Calling Prime Minister Dr. Hubert Minnis’ grave national address on Sunday a ‘Captain Obvious’ picture of the country’s economic state of affairs, Progressive Liberal Party (PLP) Deputy Leader Chester Cooper said yesterday that much of the “unnecessary hardship” could have been avoided.
Cooper said the many thousands of Bahamians hurting as a result of the COVID-19 pandemic are losing hope that they will be able to feed themselves and their children as well as keep up with bills, rent and loans.
“Last night, the prime minister gave a Captain Obvious and somewhat understated picture of the state of affairs now and what the future might look like,” he said during a PLP online briefing on COVID-19 Monday night.
“Bahamians don’t need the prime minister to tell them that economic activity has contracted and thousands of Bahamians are out of work. They already know that.”
While he noted the government’s social safety net action, Cooper said it was not robust enough and suggested that the government extend assistance and benefits from the National Insurance Board and give a lump sum to tenants to help with rent.
“NIB unemployment assistance will be coming to the end of its eight-week period in short order. There is no doubt that the government must also extend the NIB benefit for another 13 weeks after that program comes to an end,” he said.
“The government should offer tenants who qualify up to $500 per month to pay their rent, as opposed to the fake rental assistance program they launched, which does not really assist anyone in the equation and particularly disadvantages landlords. This basic stipend will have money circulating in the economy and lead to steady revenue through the continued ability of landlords to pay taxes.”

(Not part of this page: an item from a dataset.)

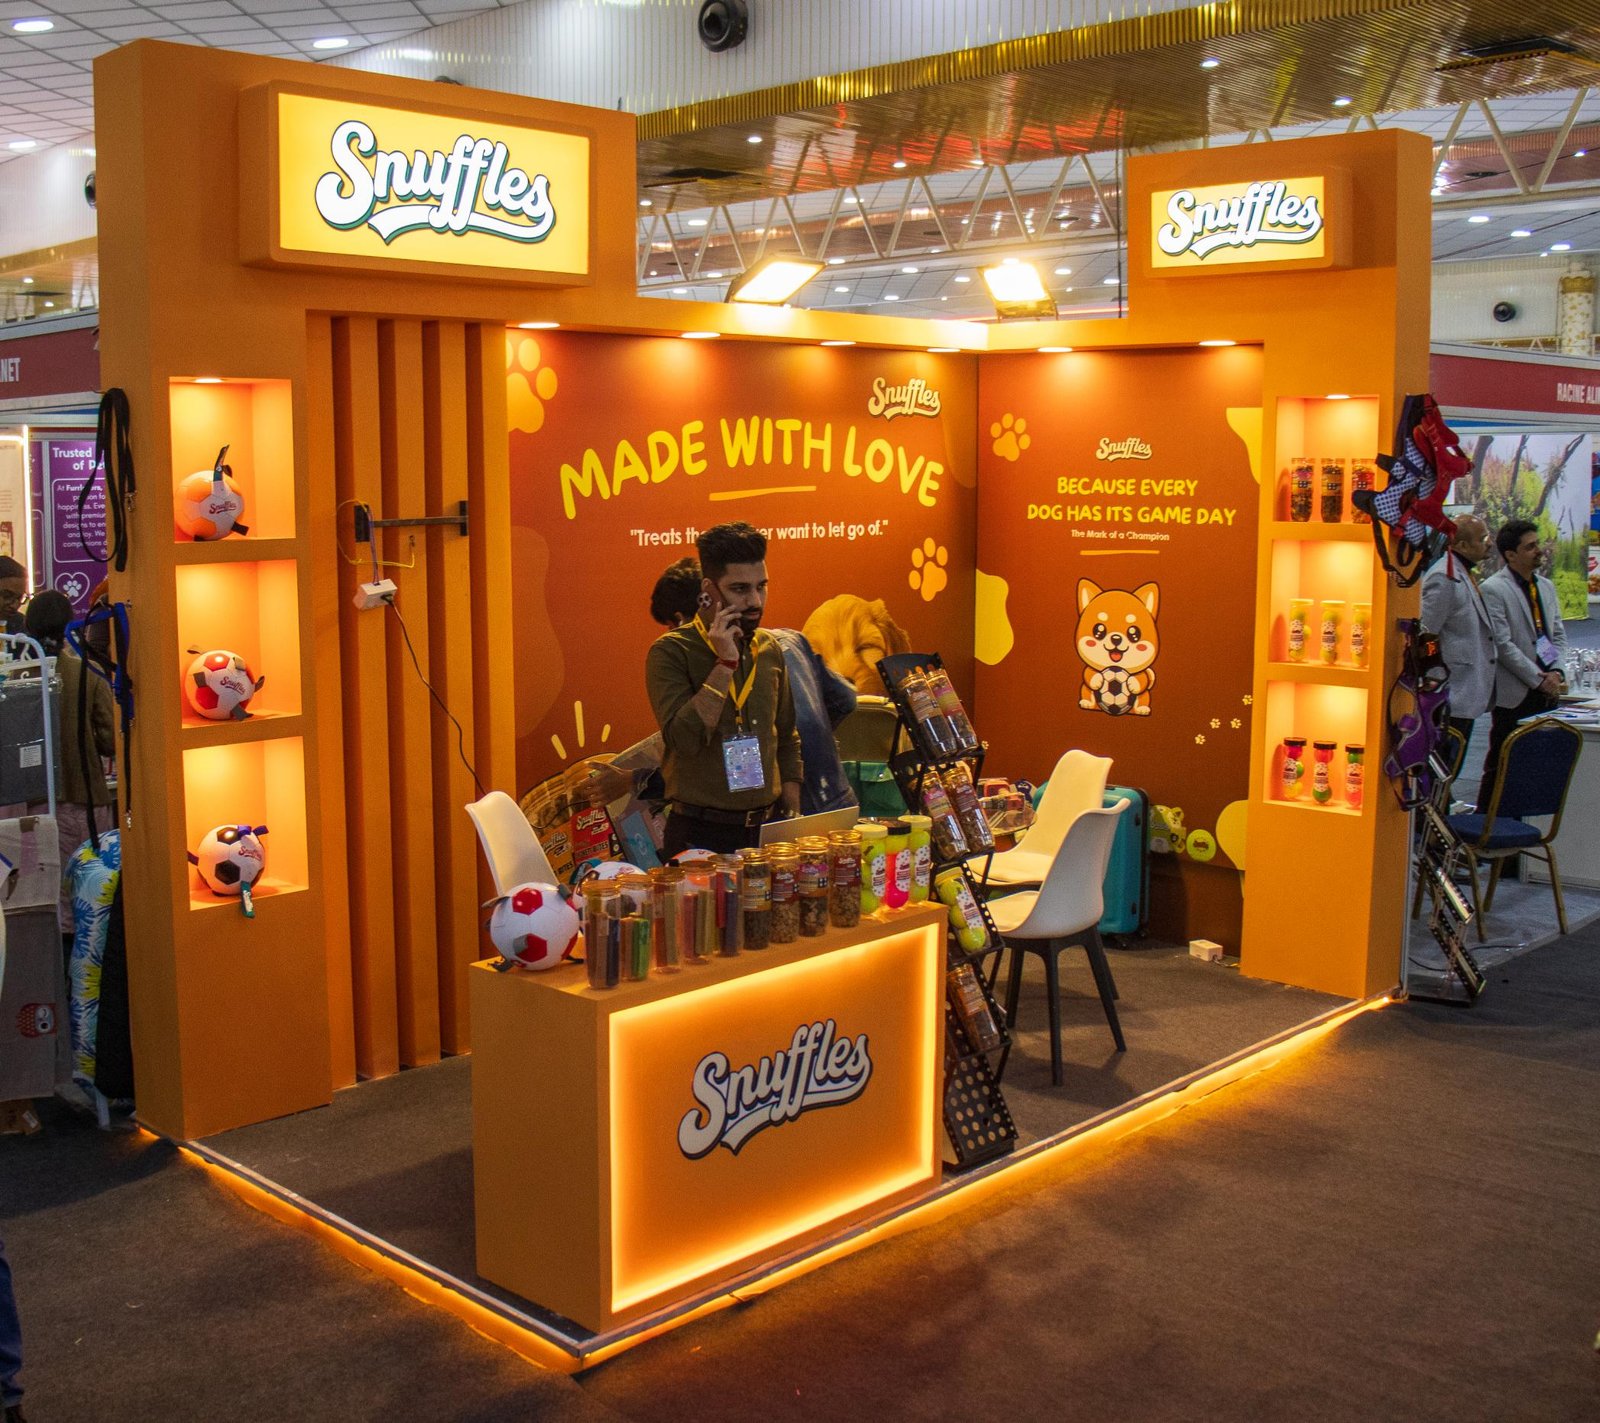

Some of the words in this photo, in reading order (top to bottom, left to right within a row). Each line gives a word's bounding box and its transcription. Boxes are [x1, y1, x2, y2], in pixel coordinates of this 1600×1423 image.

During his televised national address on Sunday, Minnis painted a grim outlook for the economic future of The Bahamas, pointing out that revenue for the month of April is down 50 percent and the economy is expected to shrink by as much as 14 to 20 percent this year.
Cooper said it did not have to be this way.
“Family island economies except Bimini, Cat Cay and Grand Bahama could have been opened by the end of April. The real estate sector also remains closed. This sector is a major source of revenue for the government. They could have been finalizing contactless transactions this entire time,” he said.
“These industries could have provided much-needed employment and taxes at this time. The prime minister spoke as if what the common man has been feeling for many weeks is only now hitting home to the government, as its citizens who fund it are no longer able to do so. The prime minister says gross domestic product is due to contract by 14 to 20 percent. We will be lucky if that is all it is.
“And if we take the prime minister’s estimation seriously, that means we will lose around $2 billion from our economy this year. These are serious times and it gives me no pleasure to say ‘I told you so.’”
Cooper suggested the government inject a large sum of money into the economy over the short term to take care of the needy, while also bolstering the domestic economy.
“The PLP’s recommendations from six weeks ago are still what we recommend today. Robust and intelligent borrowing to swap out old debt and raise capital for investment in digital and infrastructural upgrades, food security, jobs programs, social safety net programs, business investment and reducing the cost of electricity,” he said.
“We must use this opportunity to position the new Bahamas, with significant reforms, new industries, empowering Bahamian entrepreneurs, proper management of our natural resources and a sovereign wealth fund.”